Give the data below again exactly, and drop each picture from it.

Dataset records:
=====

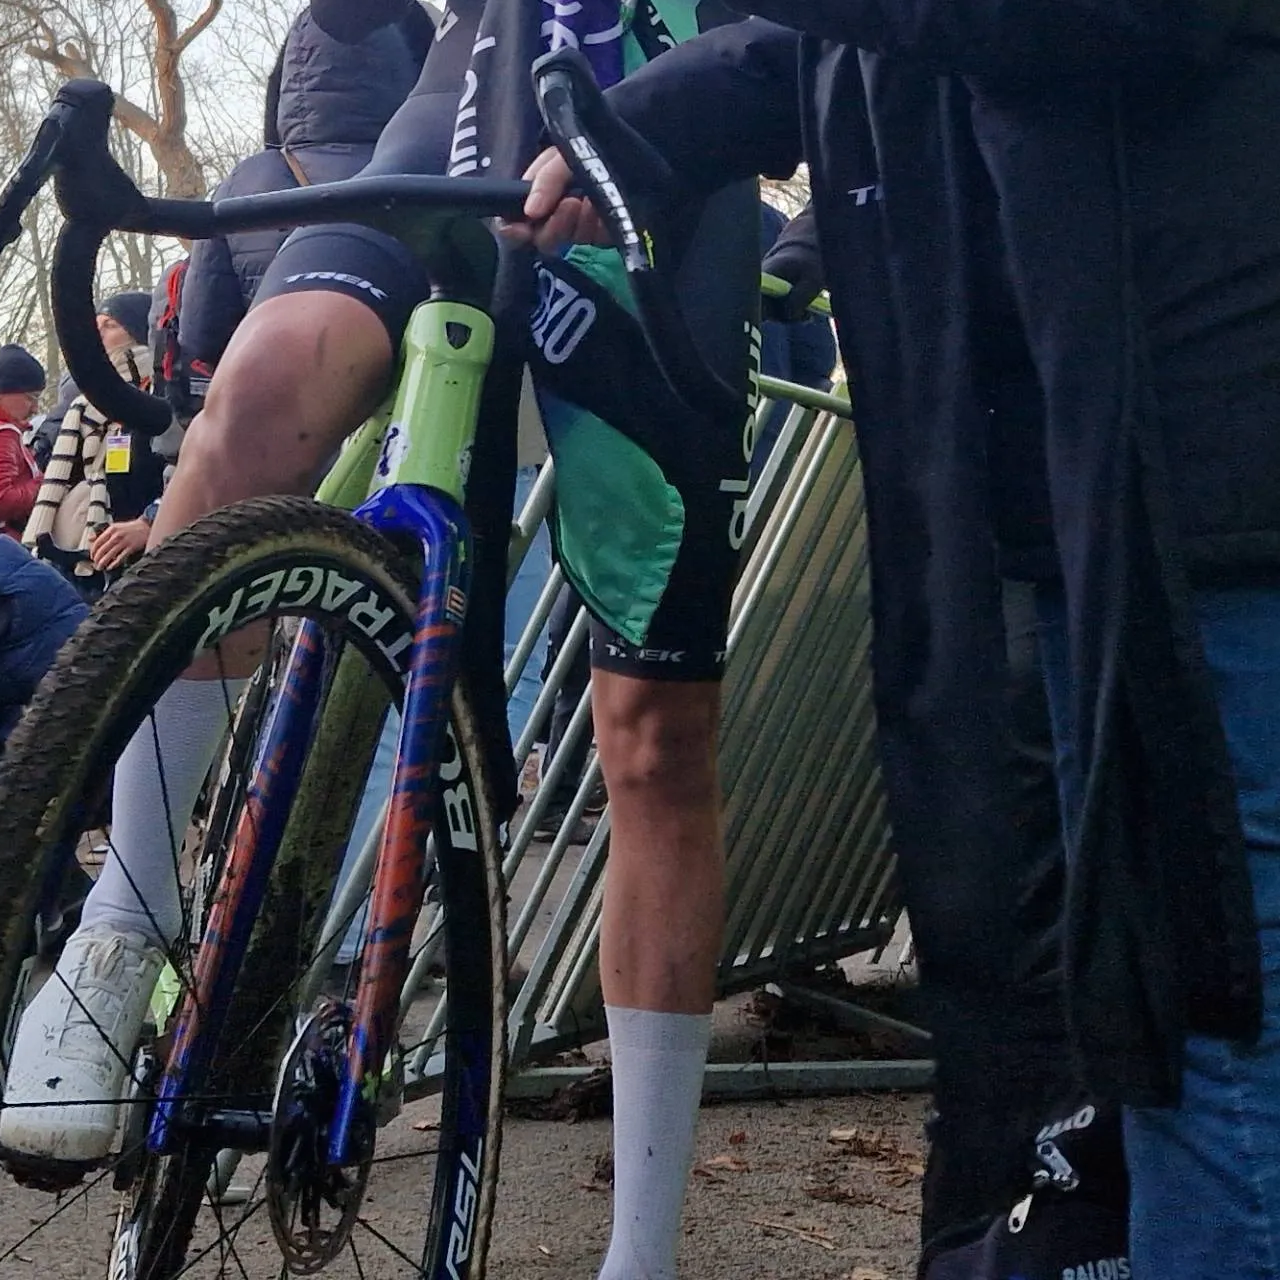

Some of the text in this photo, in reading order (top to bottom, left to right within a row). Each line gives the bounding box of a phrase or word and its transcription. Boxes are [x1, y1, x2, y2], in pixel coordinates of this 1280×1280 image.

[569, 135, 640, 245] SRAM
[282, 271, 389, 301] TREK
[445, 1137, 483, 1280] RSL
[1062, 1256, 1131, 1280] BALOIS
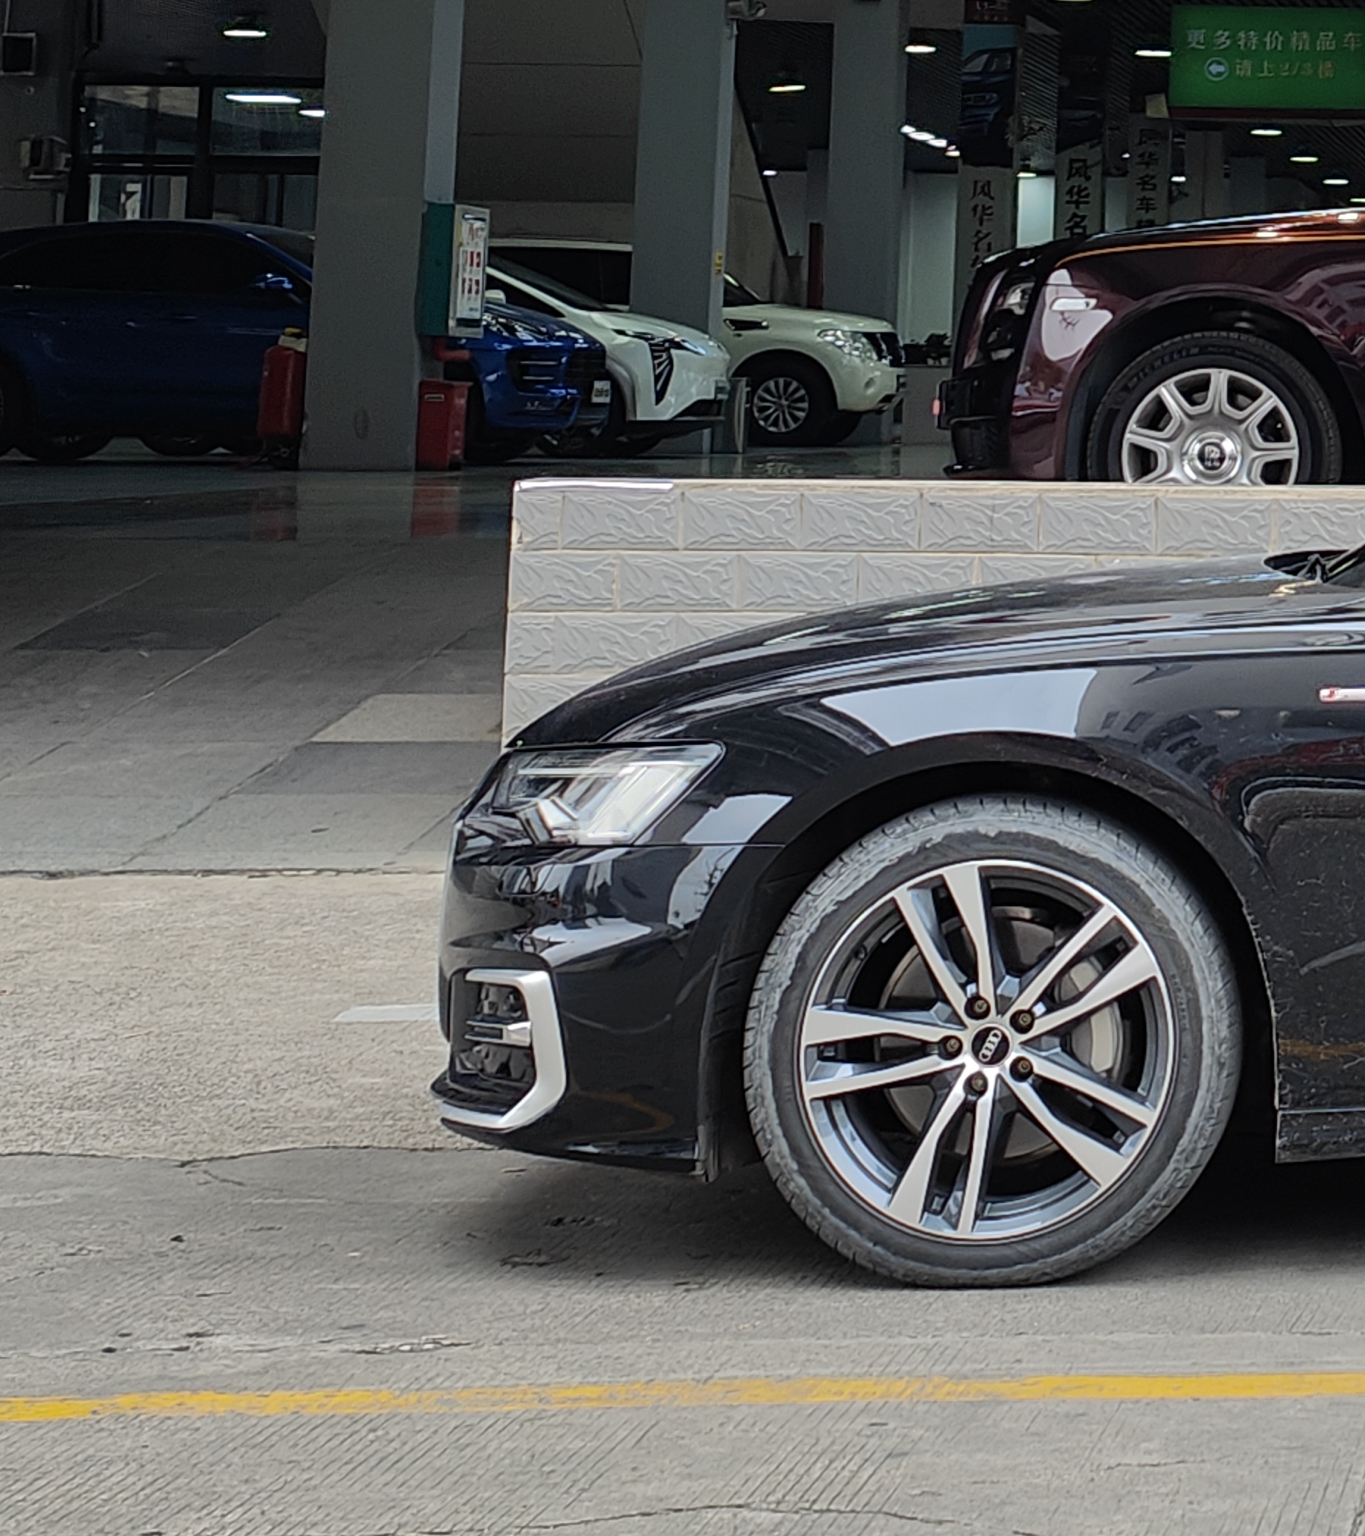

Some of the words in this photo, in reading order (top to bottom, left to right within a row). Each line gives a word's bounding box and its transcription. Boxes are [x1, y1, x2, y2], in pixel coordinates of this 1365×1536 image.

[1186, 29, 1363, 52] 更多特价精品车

=====

**Exercise solution:**
Some of the text in this photo, in reading order (top to bottom, left to right within a row). Each line gives the bounding box of a phrase or word and its transcription. Boxes are [x1, y1, x2, y2], in pixel coordinates of this 1280×1280 image.

[569, 135, 640, 245] SRAM
[282, 271, 389, 301] TREK
[445, 1137, 483, 1280] RSL
[1062, 1256, 1131, 1280] BALOIS

Some of the words in this photo, in reading order (top to bottom, left to right within a row). Each line gives a word's bounding box and its transcription. Boxes are [x1, y1, x2, y2], in pixel coordinates of this 1365×1536 image.

[1186, 29, 1363, 52] 更多特价精品车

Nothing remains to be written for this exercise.